* WHAT YOU ARE ASKED TO DO: The full listing, excluding its pictures, should be printed exactly as it stands.

* DATA EXCERPTS:
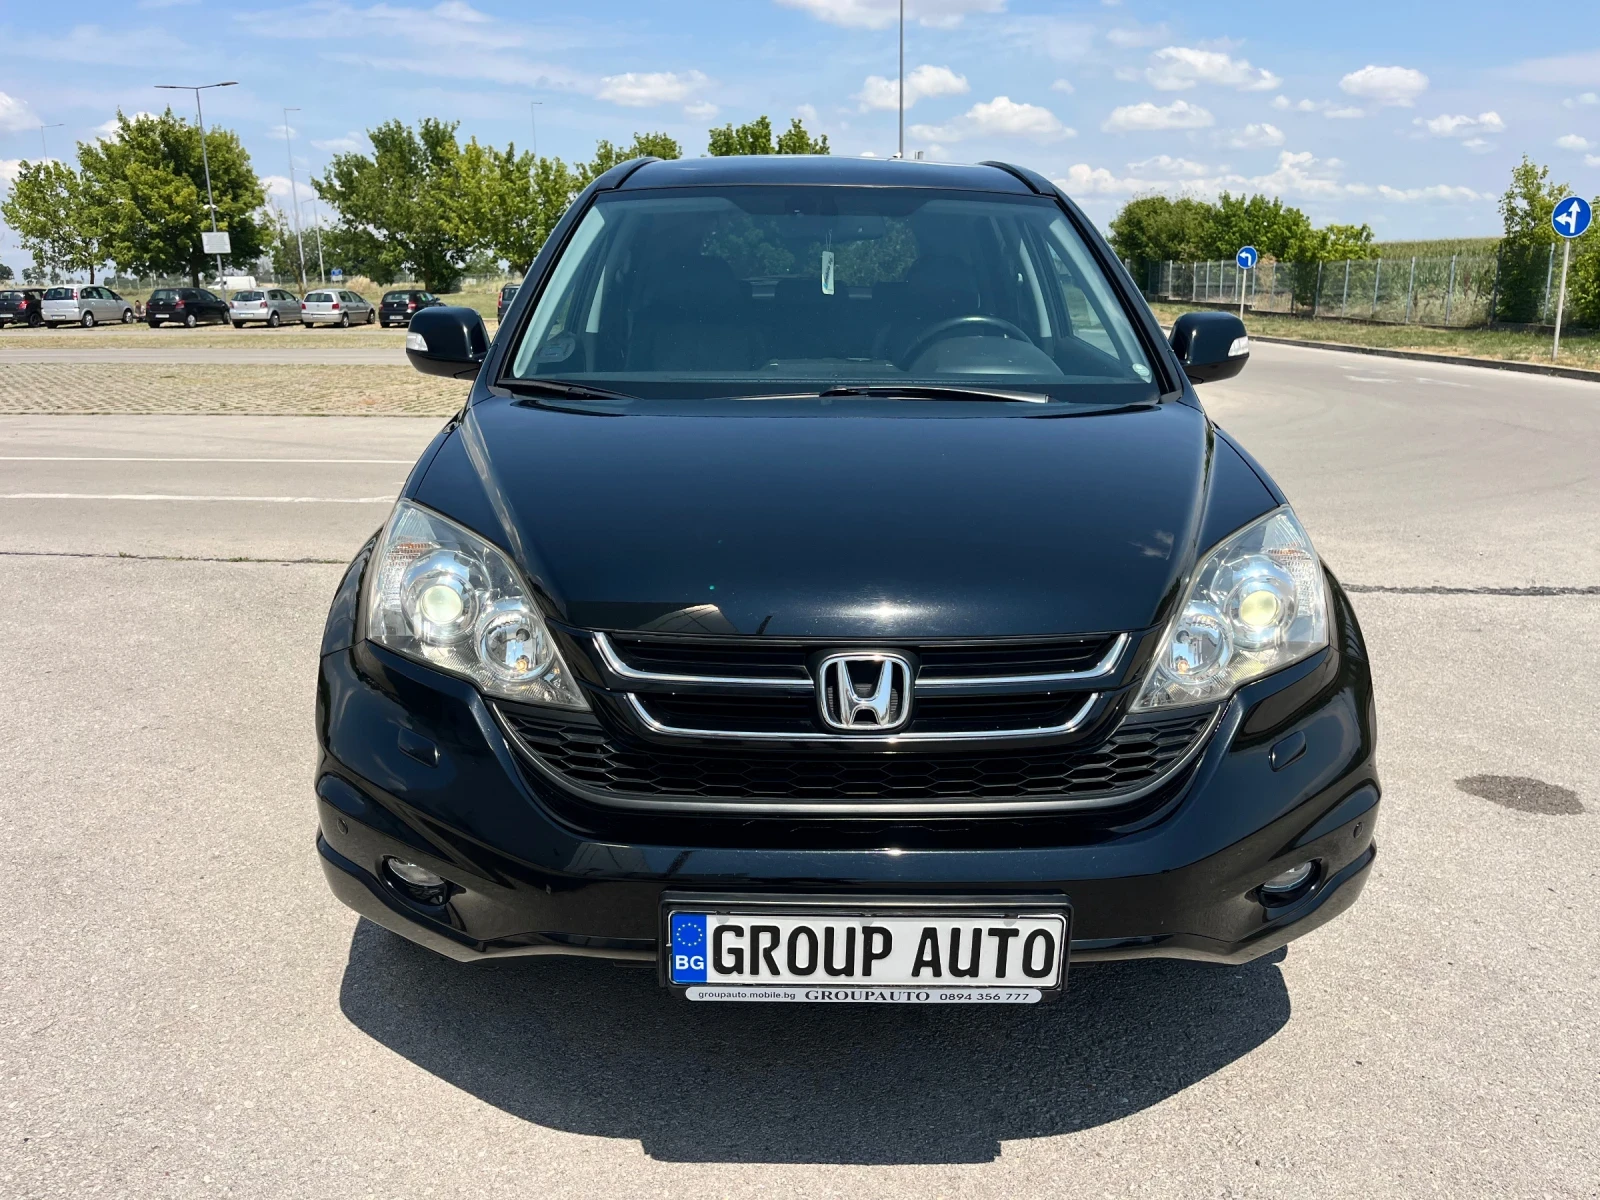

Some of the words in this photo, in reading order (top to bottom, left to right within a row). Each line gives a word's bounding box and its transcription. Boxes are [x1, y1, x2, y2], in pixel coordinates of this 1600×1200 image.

[712, 924, 893, 977] GROUP
[911, 927, 1056, 979] AUTO
[675, 955, 705, 971] BG
[698, 990, 796, 1000] groupauto.mobile.bg
[804, 990, 931, 1002] GROUPAUTO
[939, 993, 972, 1001] 0894
[976, 993, 1001, 1001] 356
[1005, 993, 1030, 1001] 777

* REPLY TO THE TASK:
Some of the words in this photo, in reading order (top to bottom, left to right within a row). Each line gives a word's bounding box and its transcription. Boxes are [x1, y1, x2, y2], in pixel coordinates of this 1600×1200 image.

[712, 924, 893, 977] GROUP
[911, 927, 1056, 979] AUTO
[675, 955, 705, 971] BG
[698, 990, 796, 1000] groupauto.mobile.bg
[804, 990, 931, 1002] GROUPAUTO
[939, 993, 972, 1001] 0894
[976, 993, 1001, 1001] 356
[1005, 993, 1030, 1001] 777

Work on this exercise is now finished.